P_rect = [Point(1, 0, 0), Point(2, 0, 5), Point(3, 5, 0), Point(4, 5, 5)] 
P_line = [Point(1, 0, 5), Point(2, 0, 0), Point(3, 0, 10), Point(3, 0, 15)]
P_rand = [Point(i, randint(0, 15), randint(0,15)) for i in xrange(0, 10)] 


print "**Rectangle**"
print "> NearestNeighbour: %i" % getPathSum(nearestNeighbour(P_rect))
print "> ClosestPair: %i" % getPathSum(closestPair(P_rect))

print "**Line**"
print "> NearestNeighbour: %i" % getPathSum(nearestNeighbour(P_line))
print "> ClosestPair: %i" % getPathSum(closestPair(P_line))

print "**Rand**"
print "> NearestNeighbour: %i" % getPathSum(nearestNeighbour(P_rand))
print "> ClosestPair: %i" % getPathSum(closestPair(P_rand))
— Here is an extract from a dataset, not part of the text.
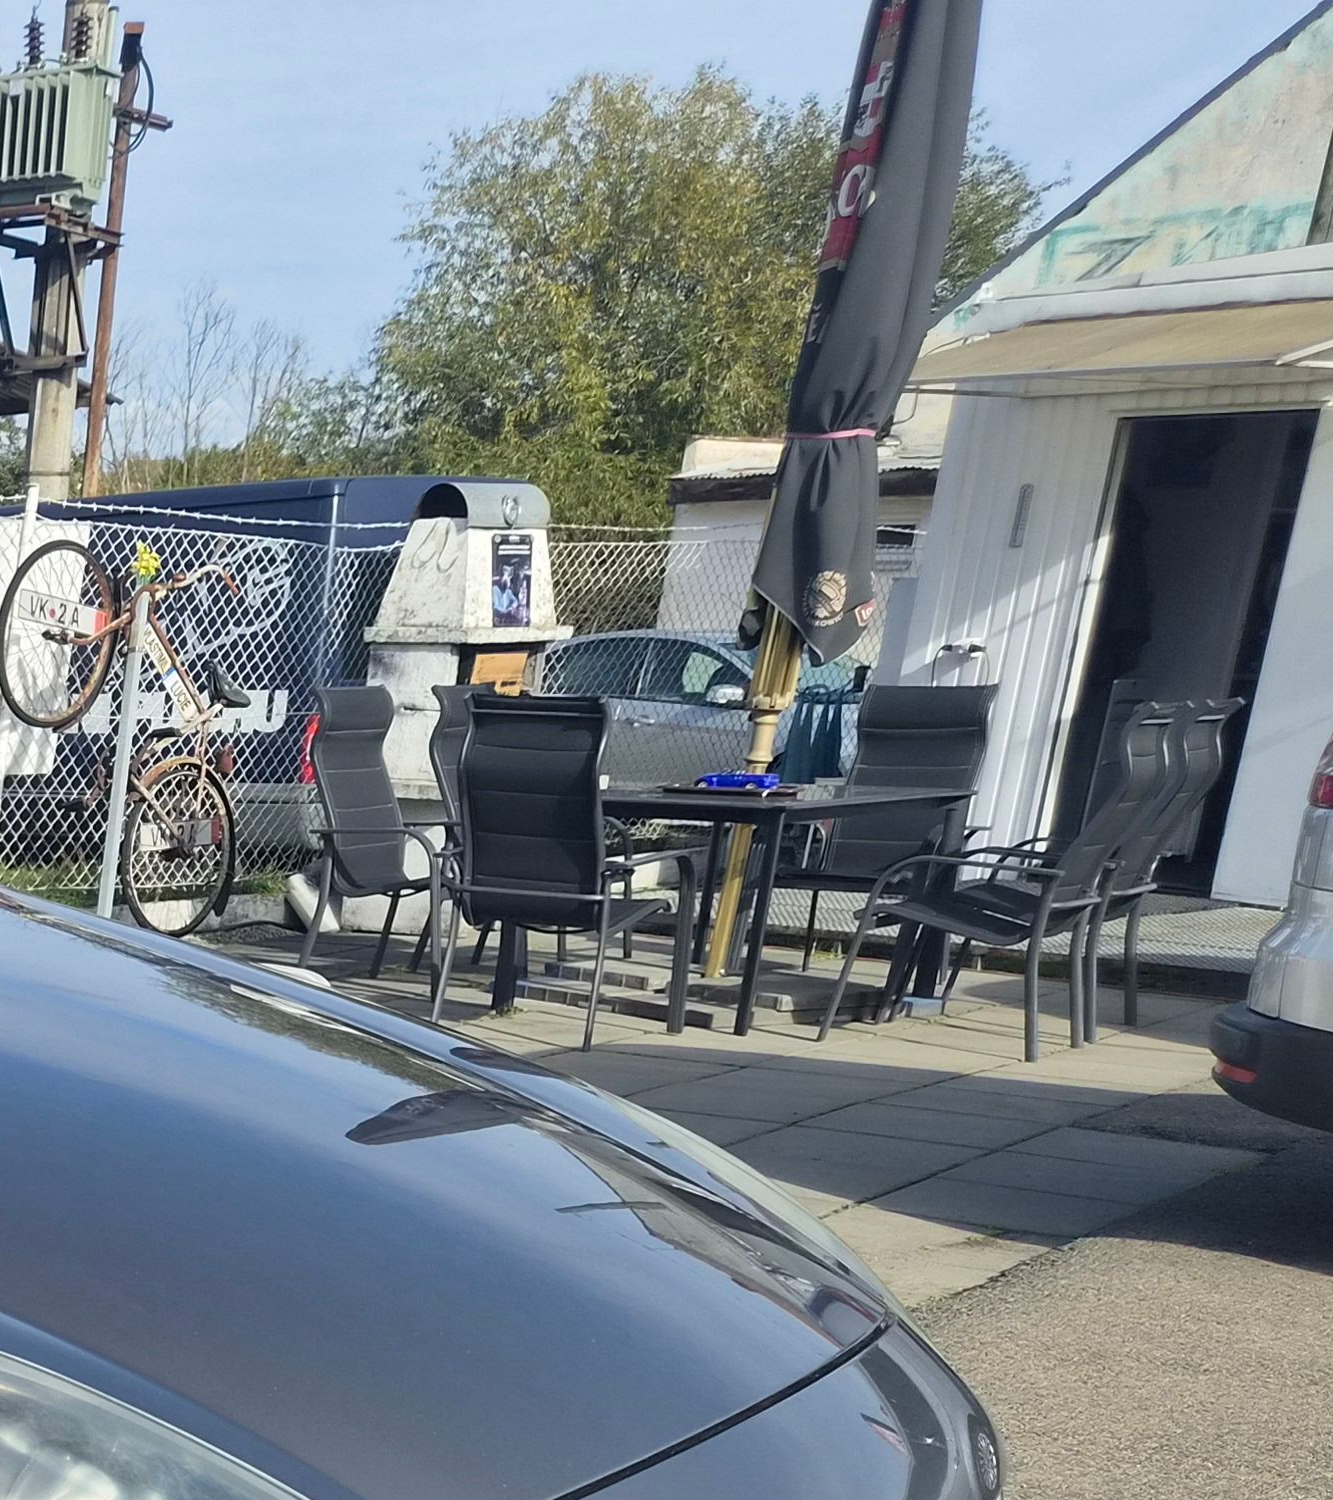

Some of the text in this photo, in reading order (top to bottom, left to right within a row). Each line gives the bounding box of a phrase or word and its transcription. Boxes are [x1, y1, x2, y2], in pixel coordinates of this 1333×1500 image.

[30, 594, 80, 627] VK 2 A
[170, 681, 192, 712] LUCIE
NearestNeighbour createst shorter paths for small input graphs. For midsize input paths and big input graphs closestPair creates smaller paths. However nearestNeighbour is much faster. In conclusion, it depends on the application which heuristic is more suitable.

1-28. Write a function to perform integer division without using either the / or * operators. Find a fast way to do it.
Solution: A simple way to perform integer division is substracting the divisor and counting each substraction. This only works for positive numbers. (more in the comments)

def divideBySub(a, b):
    count = 0
    while a >= 0:
        a -= b
        count += 1

    return count

If we can find a bigger divisor we could speed it up. An easy way is to multipy the divisor by itself as long as it divides the denominator with a rest.
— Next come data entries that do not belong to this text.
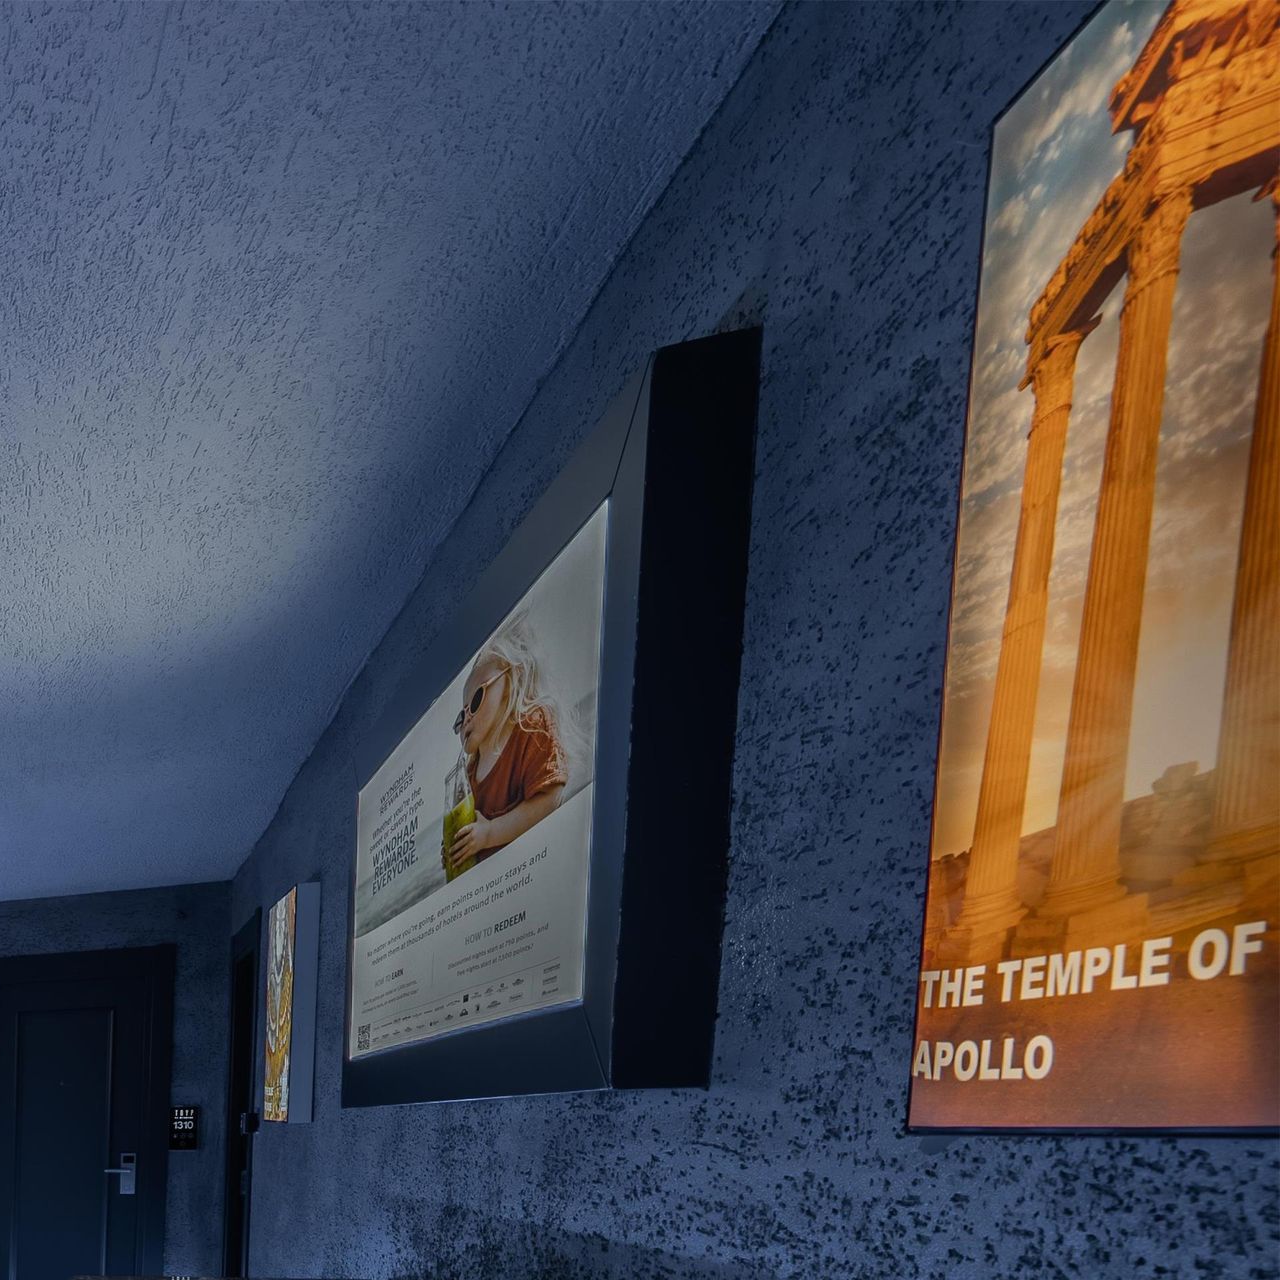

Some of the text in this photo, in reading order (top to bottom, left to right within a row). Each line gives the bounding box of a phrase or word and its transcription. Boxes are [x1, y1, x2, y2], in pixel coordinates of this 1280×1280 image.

[380, 762, 414, 803] WYNDHAM
[411, 787, 421, 801] the
[372, 816, 418, 867] WYNDHAM
[374, 833, 415, 880] REWARDS
[372, 848, 419, 897] EVERYONE.
[437, 905, 450, 917] earn
[451, 891, 473, 908] points
[474, 885, 484, 895] on
[485, 875, 503, 892] your
[504, 861, 527, 880] stays
[529, 846, 547, 866] and
[435, 920, 442, 931] of
[442, 911, 463, 928] hotels
[464, 896, 490, 916] around
[491, 890, 505, 903] the
[505, 873, 533, 894] world.
[464, 910, 526, 945] HOW TO REDEEM
[920, 920, 1268, 1008] THE TEMPLE OF
[911, 1034, 1054, 1081] APOLLO
[173, 1121, 194, 1130] 1310
def divideBySubFaster(a, b):
    countB = 0
    lastB = b

    while a % b == 0:
        lastB = b
        b += b
        countB += 1

    b -= lastB # revert last change
    countB -= 1 # revert last change

    result = divideBySub(a, b)
    for i in xrange(0, countB):
        result += result
    
    return result

This works quite nice and can speed up the process substantially.